Prolongation cost claims – the basic principles

A contractor holds an internal monthly meeting on a construction project that is in delay and over budget. Someone remarks, “Let’s get an extension of time, and then we can recover all our time-related costs”, swiftly followed with an enthusiastic reply, “Sounds like a plan. We can adopt our tender rates for preliminaries items and multiply the rates by the period of over-run”.

If this scenario sounds all too familiar, then for some, I daresay the alarm bells have already started ringing. Despite there being a wealth of information generally available on this subject, too often prolongation cost claims are incorrectly calculated and submitted on the flawed basis set out above. It should therefore come as no surprise that prolongation cost claims formulated in this manner are frequently rejected by the recipient.

To avoid this common pitfall and add credibility to a prolongation cost claim, the claimant should pause to consider whether time does actually equal money and if so, what and how much is claimable? With regard to the appropriate method of evaluation, is the application of tender rates for preliminaries too simplistic, or should it be based on the actual cost / loss incurred? Are there any valuation rules prescribed under the contract or is it a damages claim, e.g. actual loss and expense due to a breach of contract?

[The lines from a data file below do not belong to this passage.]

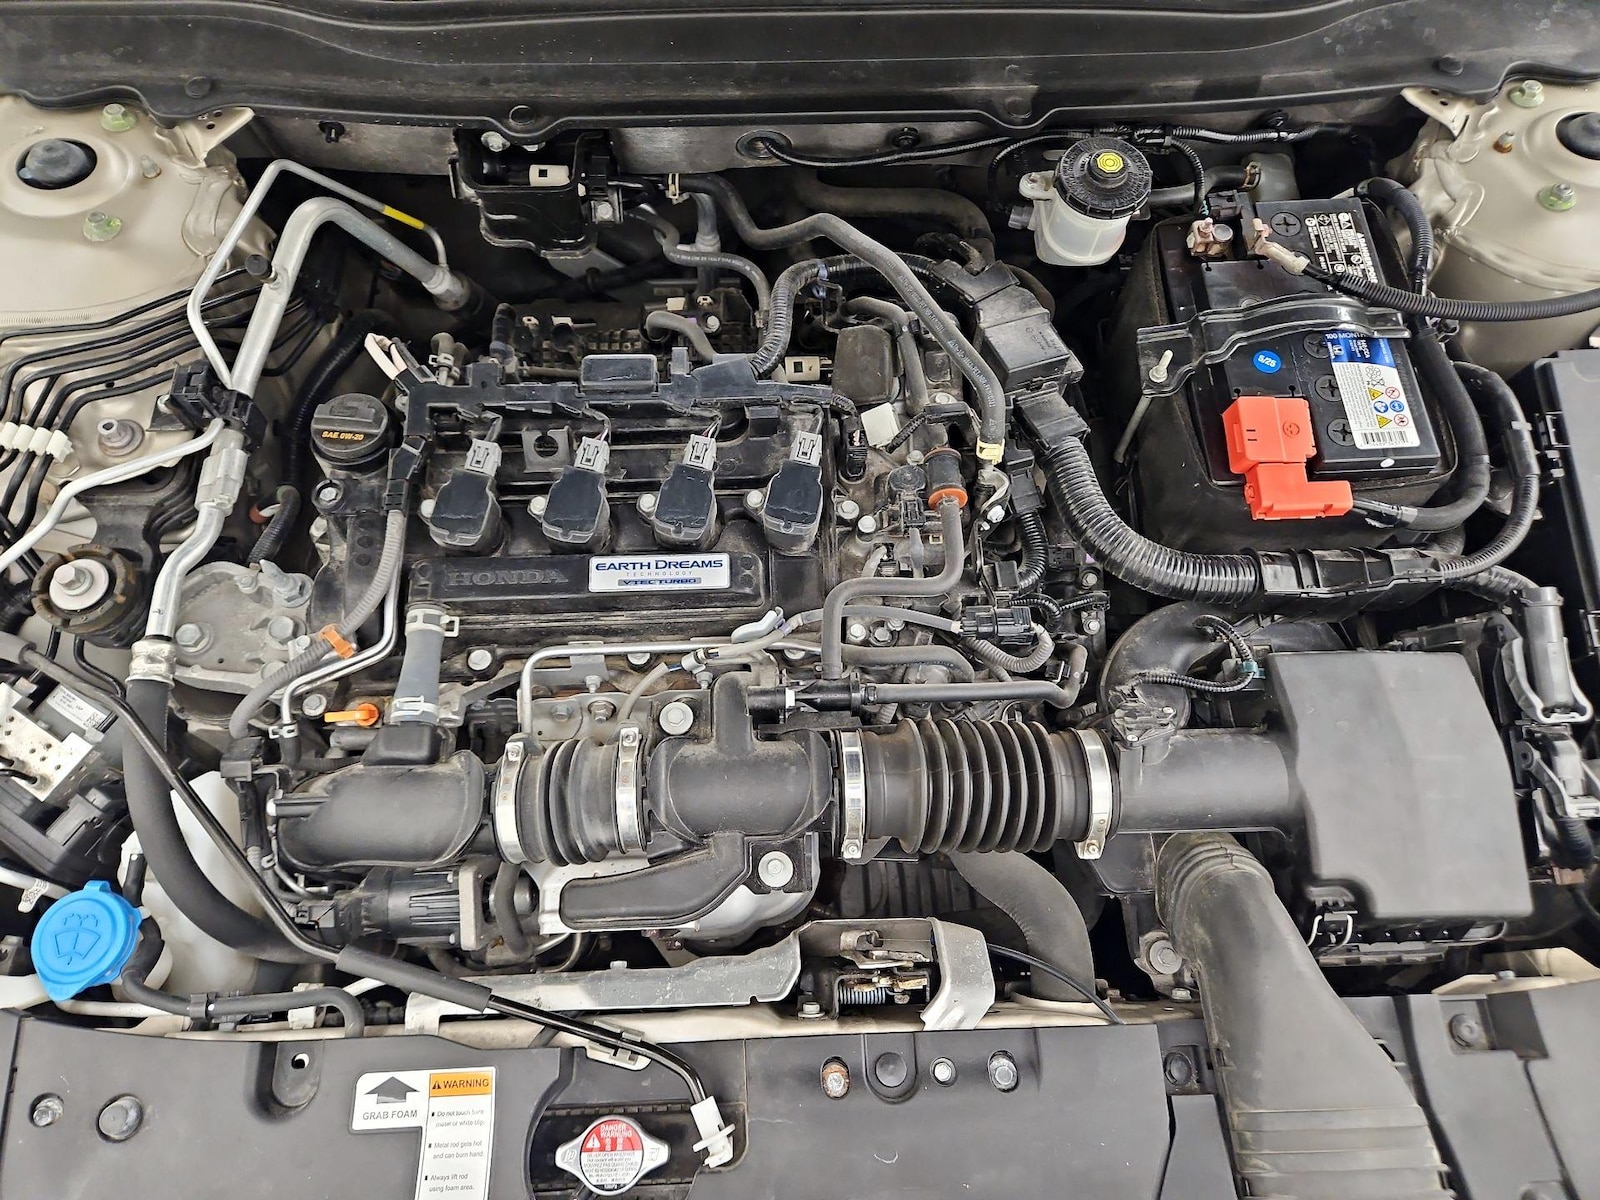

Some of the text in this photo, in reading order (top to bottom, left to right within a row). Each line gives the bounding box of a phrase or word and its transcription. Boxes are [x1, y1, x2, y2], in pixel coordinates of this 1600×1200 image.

[321, 430, 364, 441] SAE 0W-20
[595, 560, 723, 571] EARTH DREAMS
[447, 569, 569, 586] HONDA
[443, 1079, 489, 1089] WARNING
[362, 1110, 418, 1120] GRAB FOAM
[600, 1123, 627, 1131] DANGER
[431, 1174, 450, 1182] Always
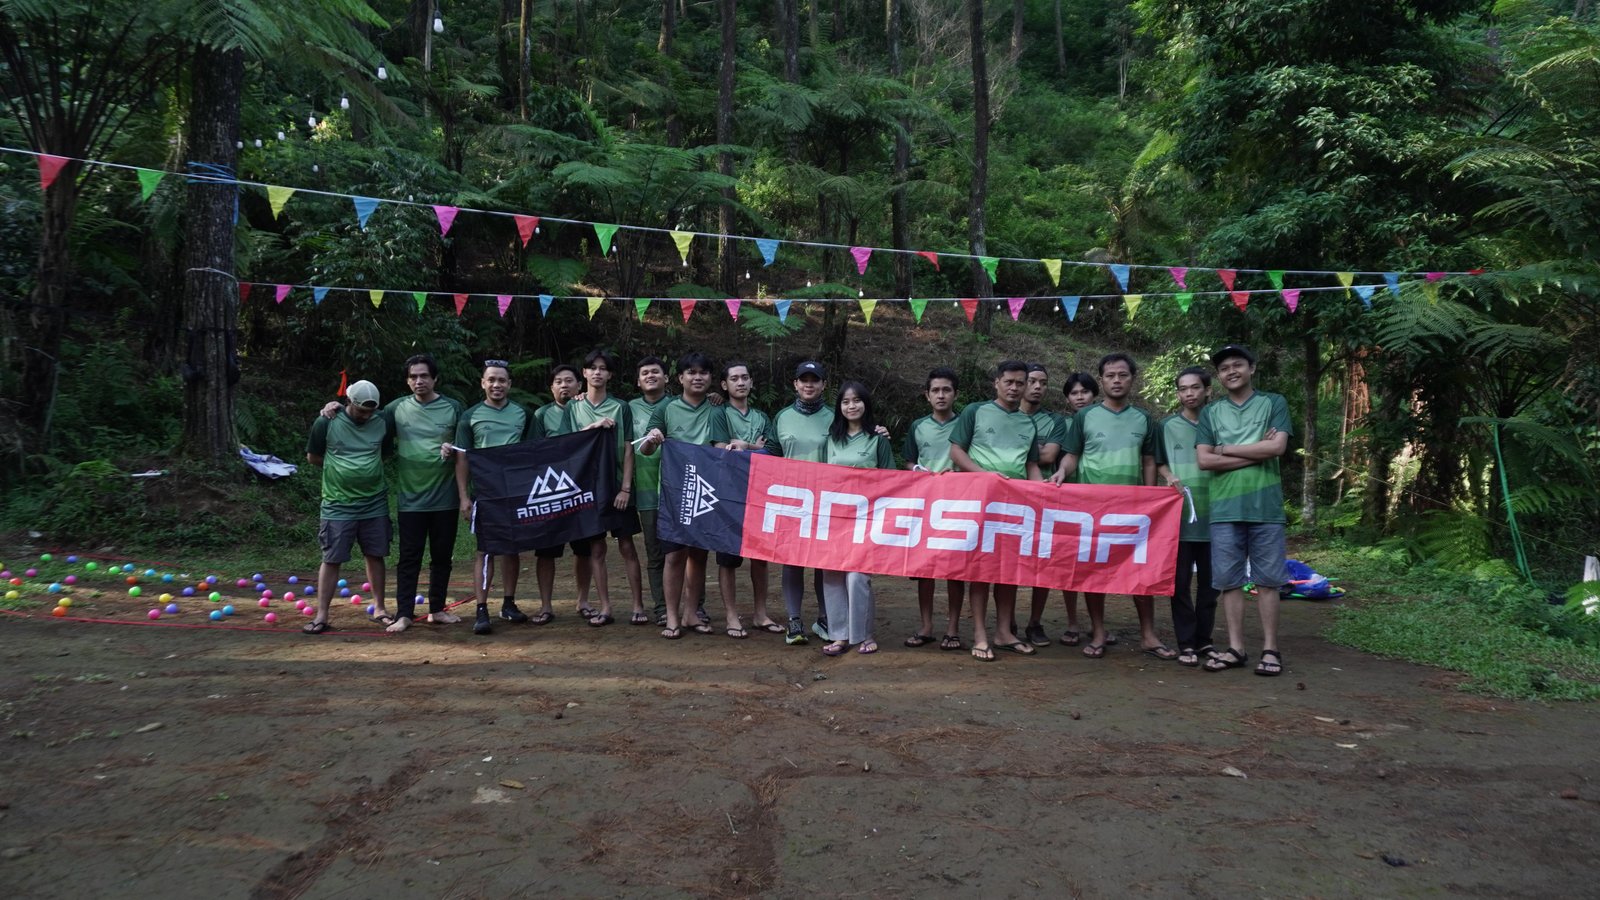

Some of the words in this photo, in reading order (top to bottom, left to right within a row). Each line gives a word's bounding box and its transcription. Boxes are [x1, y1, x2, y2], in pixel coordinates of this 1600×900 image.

[516, 491, 594, 519] ANGSANA
[683, 464, 697, 525] ANGSANA
[762, 484, 1152, 564] ANGSANA
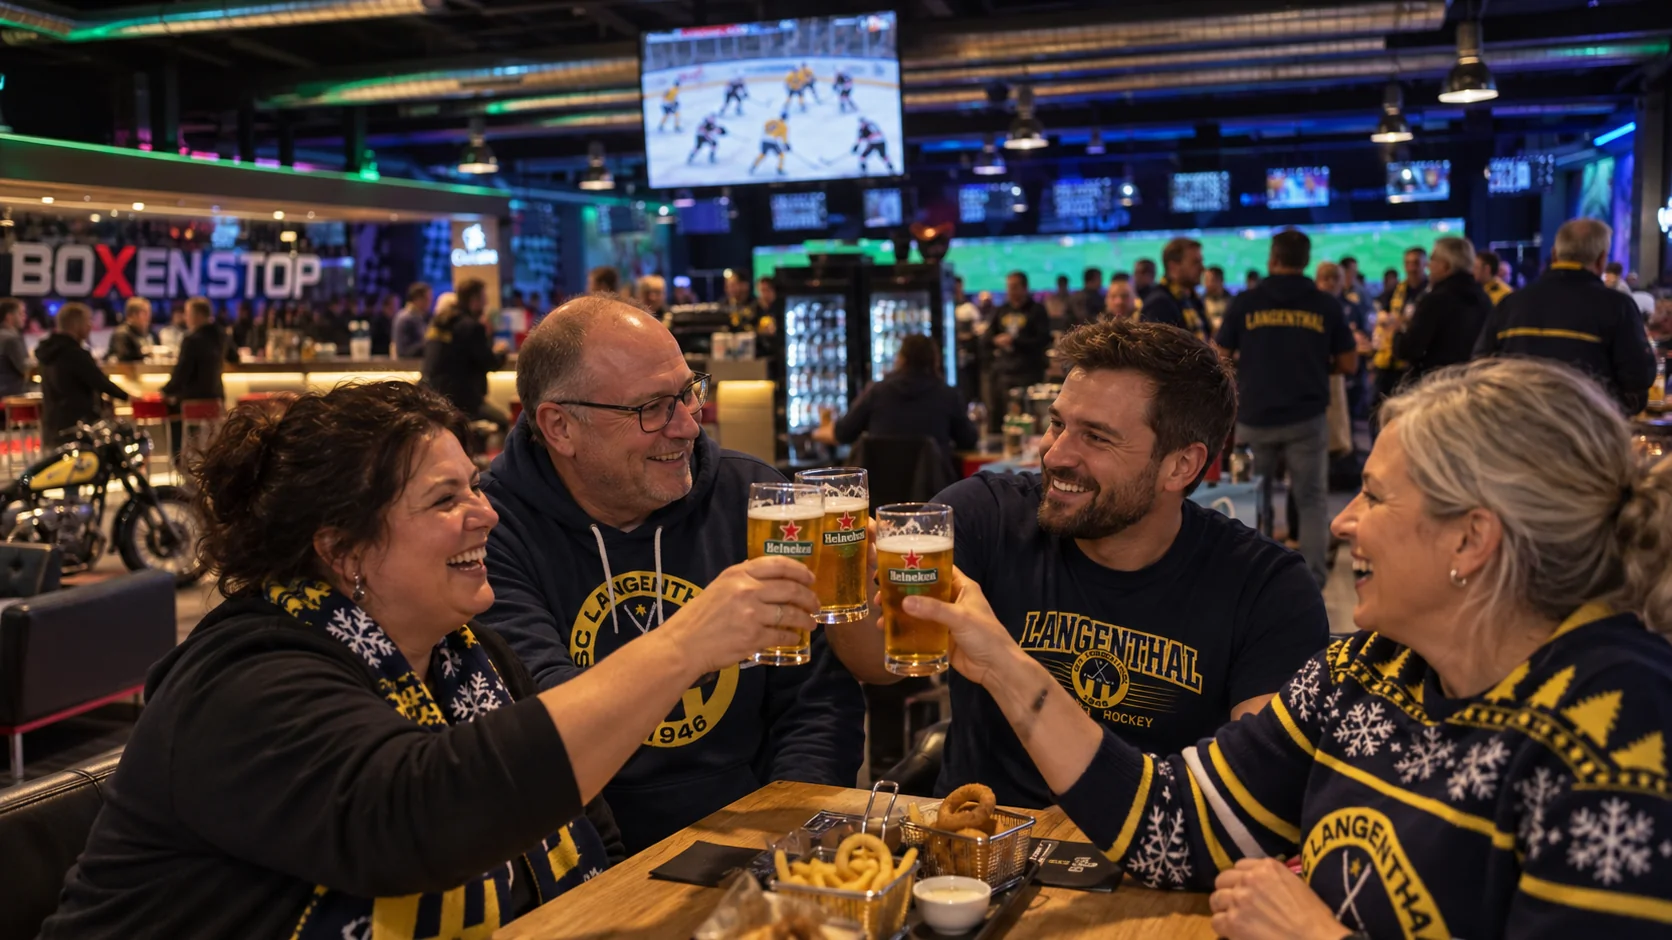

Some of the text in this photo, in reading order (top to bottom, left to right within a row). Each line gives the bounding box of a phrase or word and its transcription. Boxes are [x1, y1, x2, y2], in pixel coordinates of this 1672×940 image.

[11, 243, 321, 298] BOXENSTOP
[889, 569, 937, 583] Heineken
[1018, 610, 1203, 695] LANGENTHAL
[1103, 709, 1154, 728] HOCKEY
[1310, 814, 1440, 940] LANGENTHA
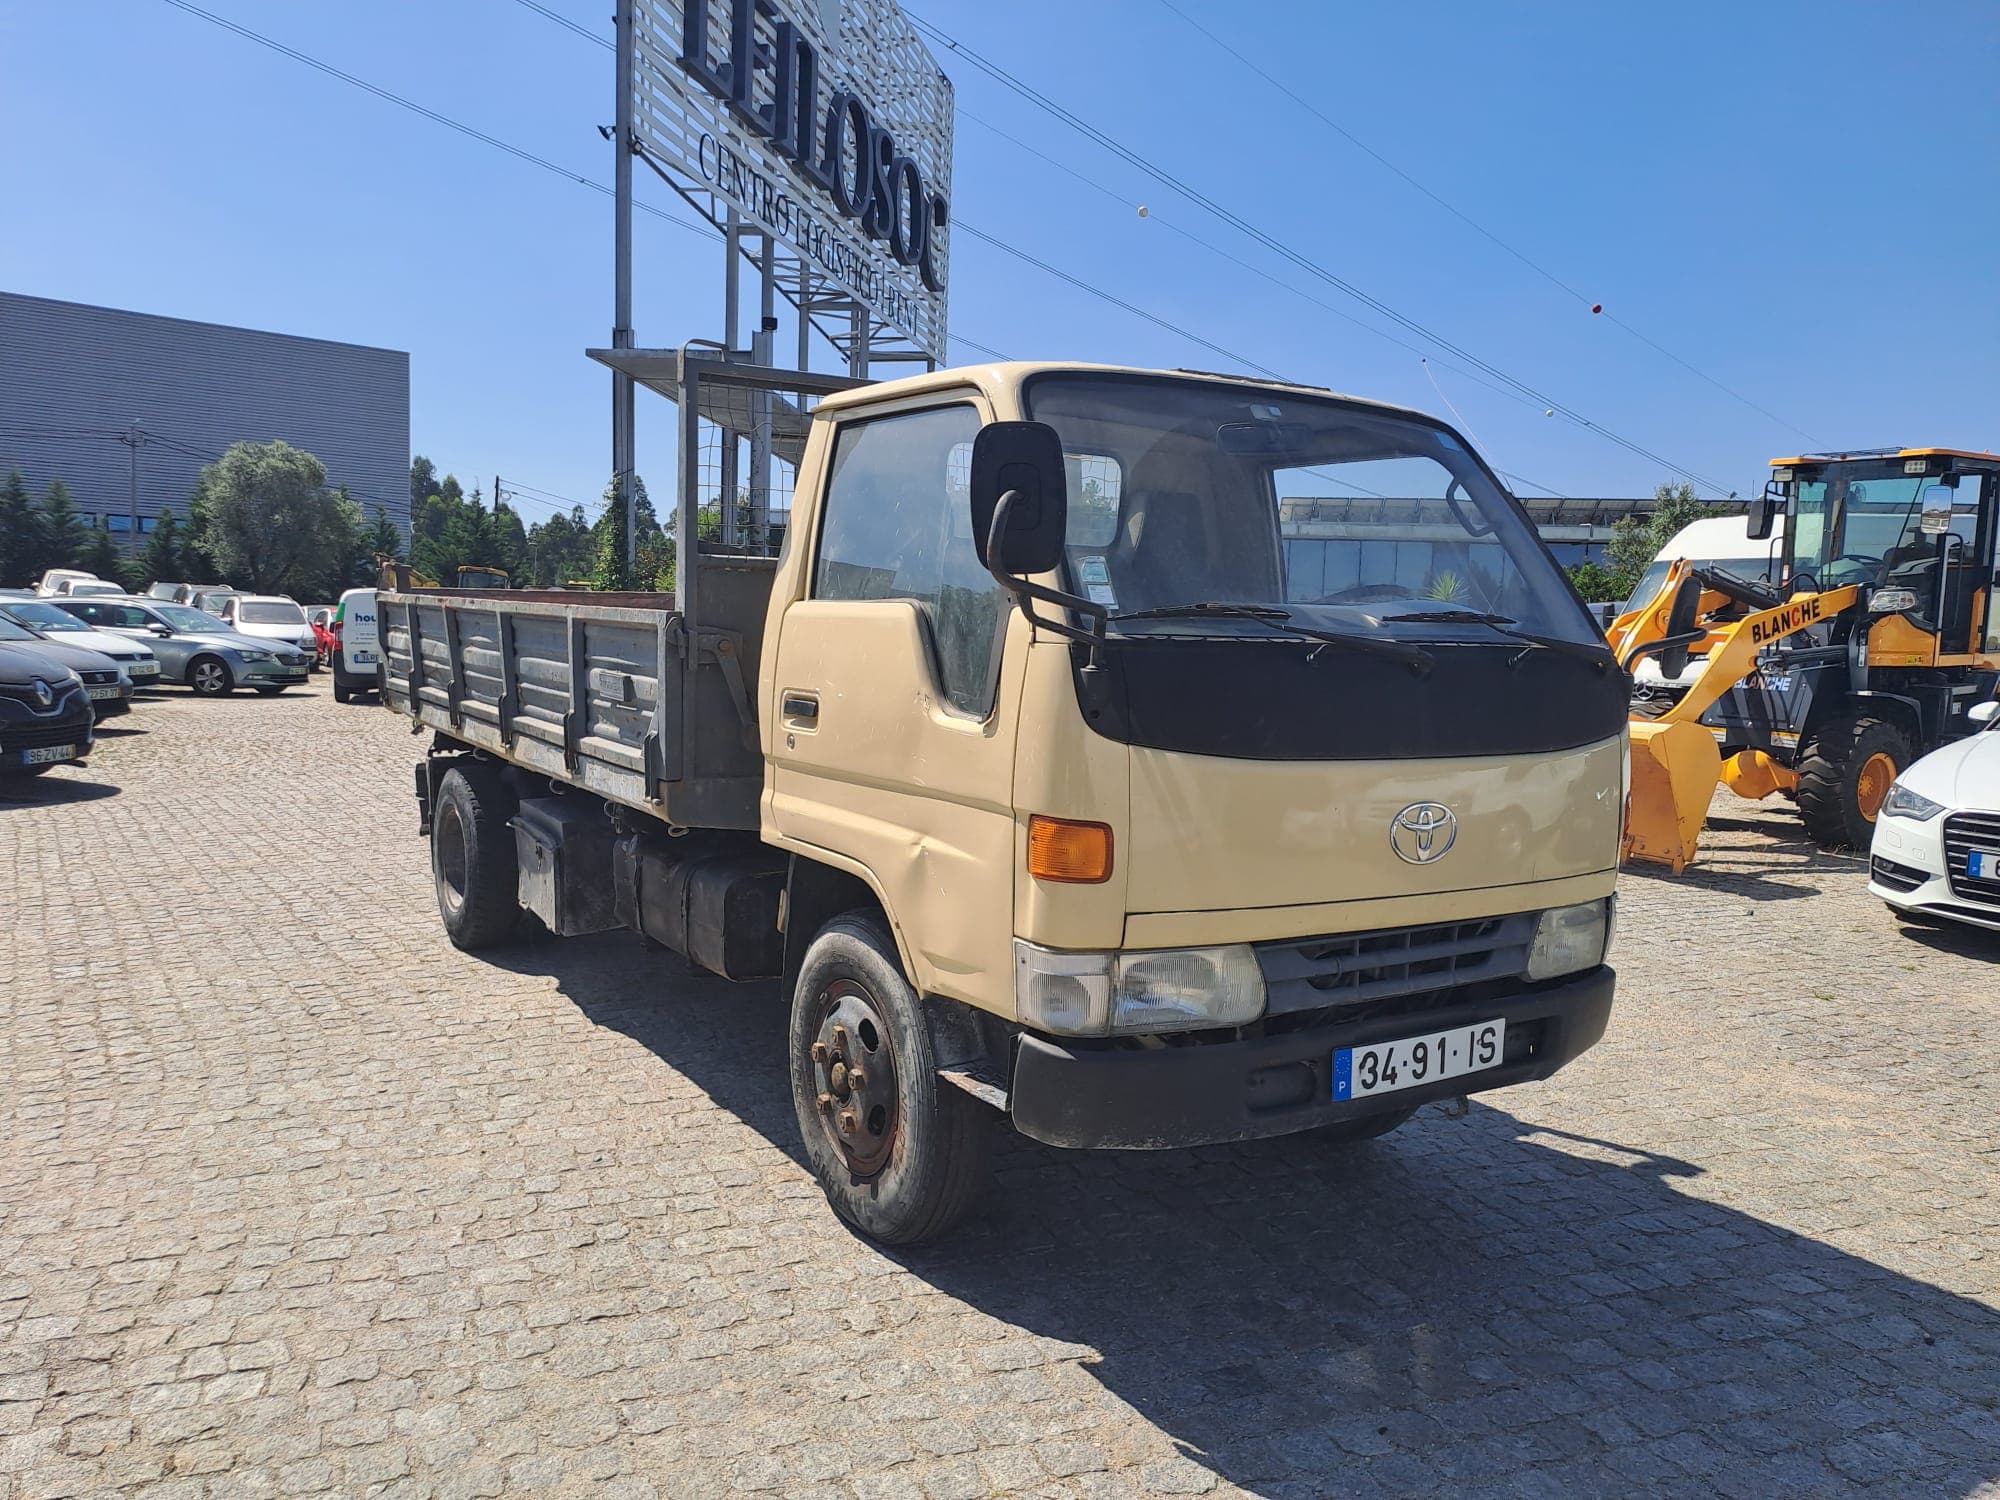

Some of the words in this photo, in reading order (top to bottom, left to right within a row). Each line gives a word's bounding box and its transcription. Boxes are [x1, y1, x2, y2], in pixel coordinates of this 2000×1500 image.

It would be impossible to provide all the answers to such hypothetical questions. Each case (or claim) will turn on the facts and has to be assessed on its individual merits, the evidence, the complexity and circumstances surrounding the events and, of course, in accordance with the contract and applicable governing law. Needless to say, in the case of a claim arising from breach of contract, the burden of proof rests with the claimant to demonstrate the cause, the effect and its entitlement. Remember that those who assert must prove!

So what is a prolongation cost claim? Succinctly, it can be defined as the contractual mechanism for the recovery of additional time-related costs that have been properly incurred due to compensable delay(s) to the completion of the works.

Those eagled eyed will have noticed the use of the term “compensable” delay. At this juncture it is worth taking a few moments to make the distinction between the terminology “compensable” delay as opposed to “excusable” delay and “disruption”. And of course, there is always the much debated issue of “concurrent” delays, which is touched upon later.

Compensable delay – These are events that give rise to an entitlement to extension of time to the project completion date and an entitlement to recovery of prolongation costs.

Excusable delay – These are events that give rise to an entitlement to extension of time to the project completion date (and therefore relief to liquidated damages) but not necessarily an entitlement to the recovery of prolongation costs, for example neutral events, such as Force Majeure like adverse weather conditions whereby typically the parties bear their own costs.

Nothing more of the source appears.